En la primavera y el otoño, el reino de Lu se llenó de disturbios y conflictos. El rey de Lu, Zhao Gong tuvo que escapar y buscó refugio en el reino de Ji. Pronto se encontró con el rey. Jin Gong, rey de Ji le preguntó: "¿Por qué perdió usted su reino?".
Zhao Gong respondió: “Porque soy joven, mucha gente cuidó de mi, pero yo no los traté bien a ellos. Cuando mis consejeros me asesoraban yo no escuchaba. Así que nadie quiere ayudarme en el reino y nadie me soportaría afuera del reino. Estoy cercado de oficiales aduladores y gente quien sólo quiere favores de mi. Soy como las hojas secas del otoño – las raíces se rompieron pero las hojas todavía se ven preciosas y al mero roce de viento se vuelan".

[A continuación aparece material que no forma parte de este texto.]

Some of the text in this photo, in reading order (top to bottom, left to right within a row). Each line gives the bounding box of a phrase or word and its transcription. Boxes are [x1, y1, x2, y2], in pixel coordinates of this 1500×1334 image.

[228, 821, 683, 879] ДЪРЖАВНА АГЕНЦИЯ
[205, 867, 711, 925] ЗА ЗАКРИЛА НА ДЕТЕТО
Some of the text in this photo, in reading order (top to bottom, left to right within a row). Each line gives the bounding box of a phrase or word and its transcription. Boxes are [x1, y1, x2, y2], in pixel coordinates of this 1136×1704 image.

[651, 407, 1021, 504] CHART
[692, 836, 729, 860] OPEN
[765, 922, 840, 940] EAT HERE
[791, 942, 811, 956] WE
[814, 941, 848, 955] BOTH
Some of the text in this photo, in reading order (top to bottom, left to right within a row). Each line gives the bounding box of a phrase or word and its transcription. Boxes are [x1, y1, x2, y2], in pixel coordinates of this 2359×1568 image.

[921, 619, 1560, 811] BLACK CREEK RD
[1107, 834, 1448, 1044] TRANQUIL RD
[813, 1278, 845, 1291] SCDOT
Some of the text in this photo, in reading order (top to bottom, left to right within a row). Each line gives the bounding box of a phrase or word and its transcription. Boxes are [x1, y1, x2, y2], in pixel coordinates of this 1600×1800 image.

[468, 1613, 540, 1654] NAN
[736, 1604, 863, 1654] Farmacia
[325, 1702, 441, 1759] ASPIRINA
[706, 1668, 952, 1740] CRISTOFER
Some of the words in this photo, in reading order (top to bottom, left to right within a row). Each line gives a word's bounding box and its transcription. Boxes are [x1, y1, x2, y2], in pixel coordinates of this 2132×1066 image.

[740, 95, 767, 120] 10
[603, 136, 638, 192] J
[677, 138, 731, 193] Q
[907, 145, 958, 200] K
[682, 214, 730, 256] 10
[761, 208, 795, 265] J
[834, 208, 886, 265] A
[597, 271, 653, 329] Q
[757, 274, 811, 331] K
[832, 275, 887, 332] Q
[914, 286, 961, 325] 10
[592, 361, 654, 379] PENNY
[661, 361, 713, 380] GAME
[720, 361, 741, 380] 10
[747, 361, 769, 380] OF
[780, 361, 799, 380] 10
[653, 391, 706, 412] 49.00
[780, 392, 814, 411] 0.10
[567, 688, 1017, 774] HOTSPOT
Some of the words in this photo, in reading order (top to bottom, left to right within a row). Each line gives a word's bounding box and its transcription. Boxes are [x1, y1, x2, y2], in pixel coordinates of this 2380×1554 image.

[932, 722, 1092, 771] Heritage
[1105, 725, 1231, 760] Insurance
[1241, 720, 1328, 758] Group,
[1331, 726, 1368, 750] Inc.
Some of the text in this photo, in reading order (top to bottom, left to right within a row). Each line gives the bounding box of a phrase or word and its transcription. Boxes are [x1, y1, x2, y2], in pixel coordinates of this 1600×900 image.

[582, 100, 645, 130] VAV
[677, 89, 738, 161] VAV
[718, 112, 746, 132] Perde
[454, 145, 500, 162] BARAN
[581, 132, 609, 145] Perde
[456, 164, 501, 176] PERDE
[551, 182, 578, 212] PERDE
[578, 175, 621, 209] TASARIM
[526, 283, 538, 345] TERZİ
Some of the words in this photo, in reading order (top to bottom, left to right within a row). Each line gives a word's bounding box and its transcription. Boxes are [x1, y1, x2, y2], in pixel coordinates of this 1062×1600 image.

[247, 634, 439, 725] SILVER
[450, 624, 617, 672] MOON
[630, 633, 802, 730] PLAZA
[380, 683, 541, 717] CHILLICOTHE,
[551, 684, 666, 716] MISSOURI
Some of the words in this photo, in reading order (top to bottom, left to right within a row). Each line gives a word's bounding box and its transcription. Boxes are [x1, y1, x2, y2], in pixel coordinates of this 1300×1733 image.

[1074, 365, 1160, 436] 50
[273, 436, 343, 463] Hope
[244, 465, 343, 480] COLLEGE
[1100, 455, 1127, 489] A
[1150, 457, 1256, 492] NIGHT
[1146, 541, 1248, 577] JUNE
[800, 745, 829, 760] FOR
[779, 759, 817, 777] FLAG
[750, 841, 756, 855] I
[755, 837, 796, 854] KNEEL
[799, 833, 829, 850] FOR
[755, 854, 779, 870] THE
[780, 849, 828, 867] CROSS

Jing Gong consultó con su propio consejero, Yan Zi. ¿”Si ayudo a Zhao Gong a retornar a su reino, se convertiría en un bondadoso y buen rey”? Yan Zi dijo: “Probablemente no. Soberanos tontos descansan en sus laureles y los incompetentes se creen muy capaces. Sus problemas se originan de su propia negligencia y de no prestar atención a los signos del problema. En vez de estudiar la naturaleza de un lago o río cuando todo va bien, ellos tratan de entenderlos sólo cuando están por ahogarse. Buscan el rumbo sólo cuando están perdidos".
Yan Zi continuó: “Lo mismo se aplica para un reino revoltoso. Cuando en crisis la gente recurre a las armas. Cuando sedientos cavan un pozo. Aunque trabajan muy rápido ya es muy tarde".
Este se convirtió en un proverbio: Cavando un pozo cuando se tiene sed. Quiere decir, manejar problemas sólo cuando se está en medio de una crisis, cuando ya es muy tarde.